== TASK OBJECTIVE ==
Everything in the entries except the pictures should be copied exactly.

=-=-=-=-=

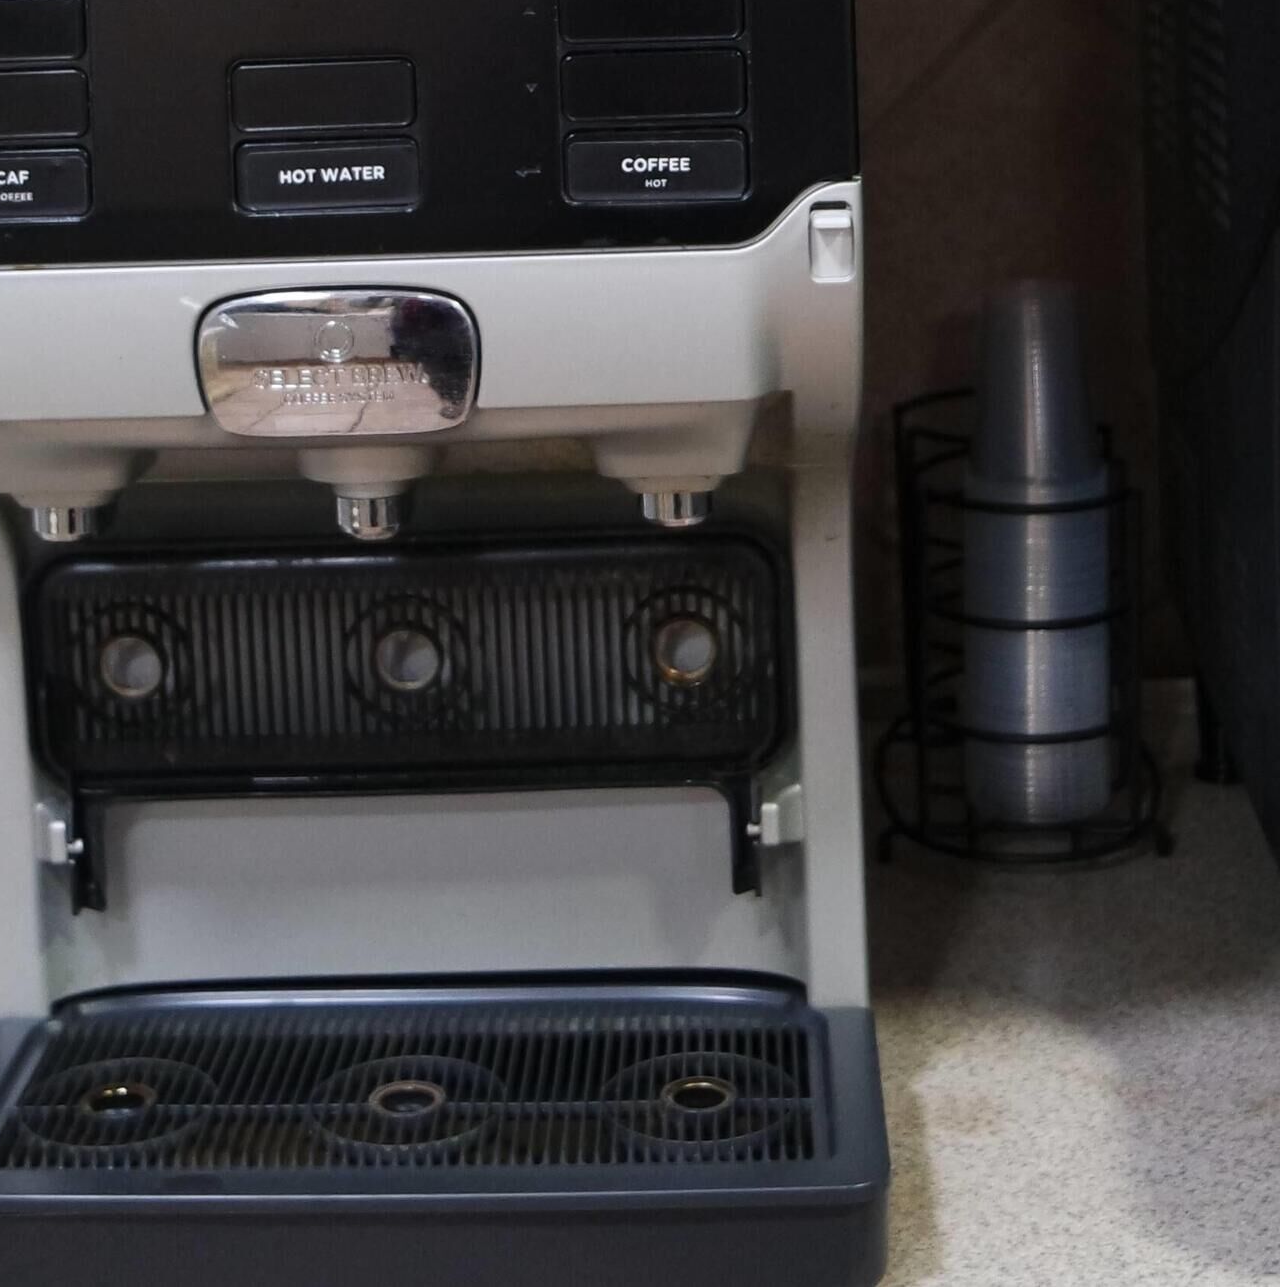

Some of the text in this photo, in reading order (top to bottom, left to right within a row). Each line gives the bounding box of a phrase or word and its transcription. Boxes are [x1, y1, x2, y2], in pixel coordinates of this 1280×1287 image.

[621, 157, 691, 173] COFFEE
[279, 166, 385, 184] HOT WATER
[645, 179, 668, 188] HOT
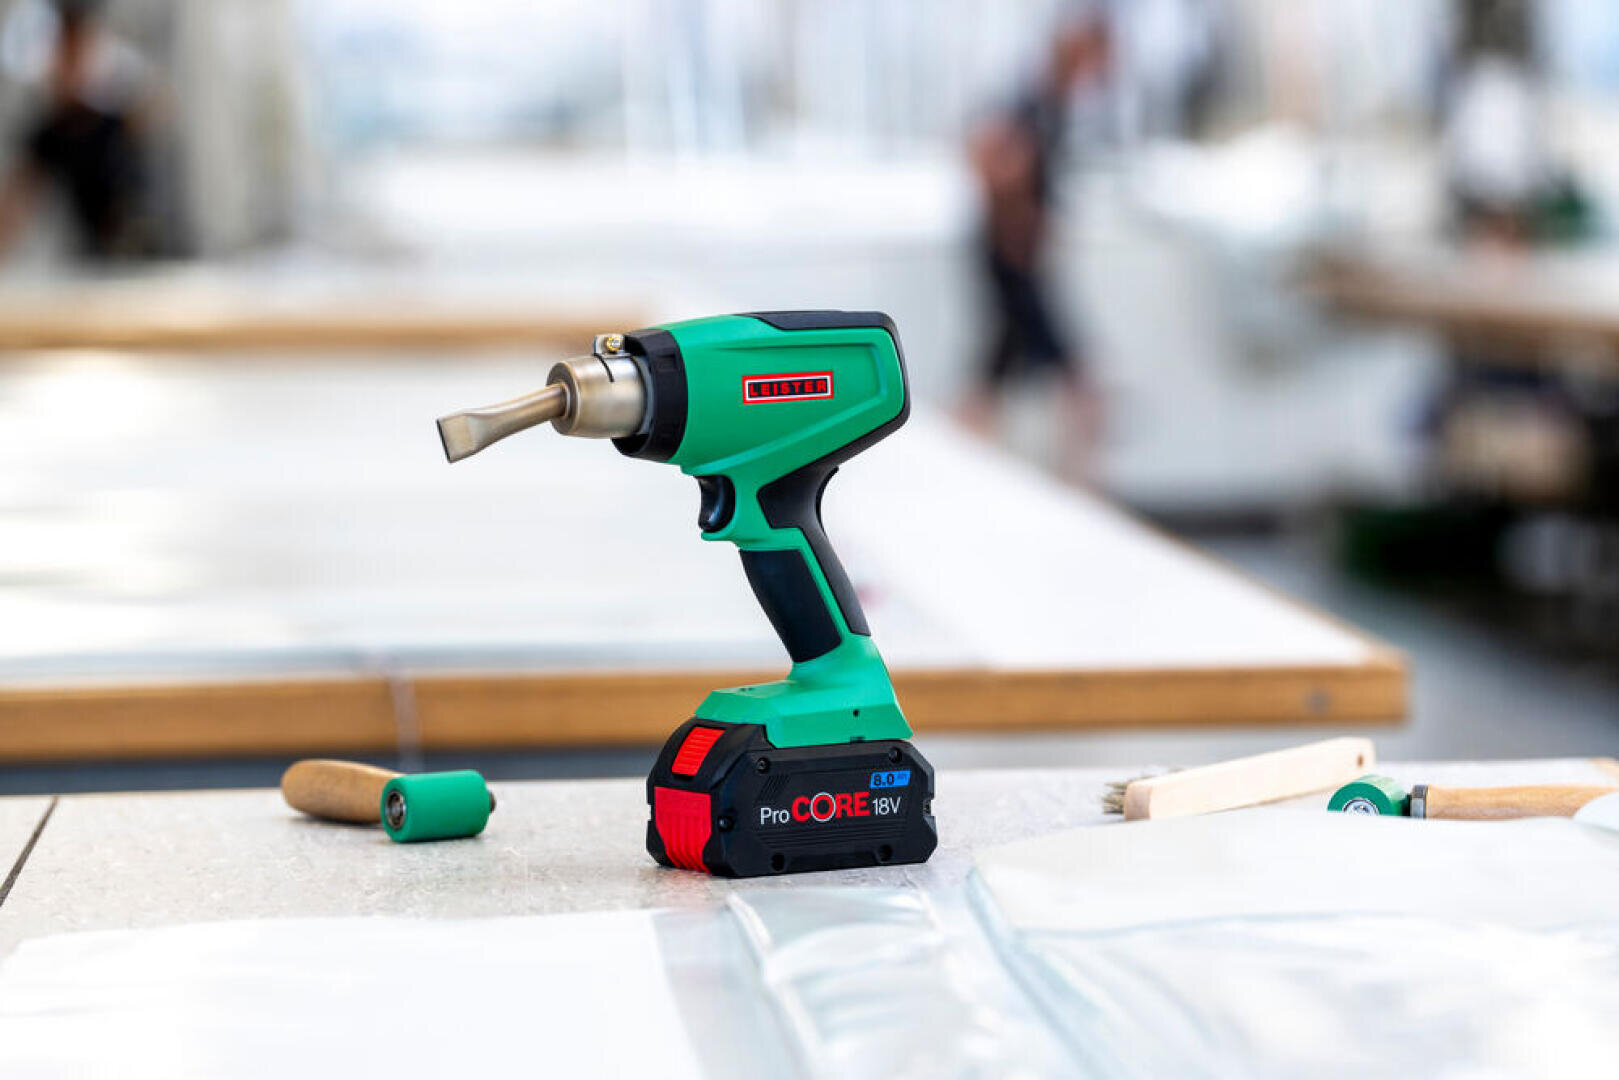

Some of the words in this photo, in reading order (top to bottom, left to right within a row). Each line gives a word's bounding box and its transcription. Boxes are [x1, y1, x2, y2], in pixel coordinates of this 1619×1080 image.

[749, 380, 827, 396] LEISTER
[873, 773, 895, 786] 8.0
[872, 796, 902, 816] 18V

=-=-=-=-=

== TASK SOLUTION ==
Some of the text in this photo, in reading order (top to bottom, left to right within a row). Each line gives the bounding box of a phrase or word and its transcription. Boxes are [x1, y1, x2, y2], in pixel coordinates of this 1280×1287 image.

[621, 157, 691, 173] COFFEE
[279, 166, 385, 184] HOT WATER
[645, 179, 668, 188] HOT

Some of the words in this photo, in reading order (top to bottom, left to right within a row). Each line gives a word's bounding box and its transcription. Boxes are [x1, y1, x2, y2], in pixel coordinates of this 1619×1080 image.

[749, 380, 827, 396] LEISTER
[873, 773, 895, 786] 8.0
[872, 796, 902, 816] 18V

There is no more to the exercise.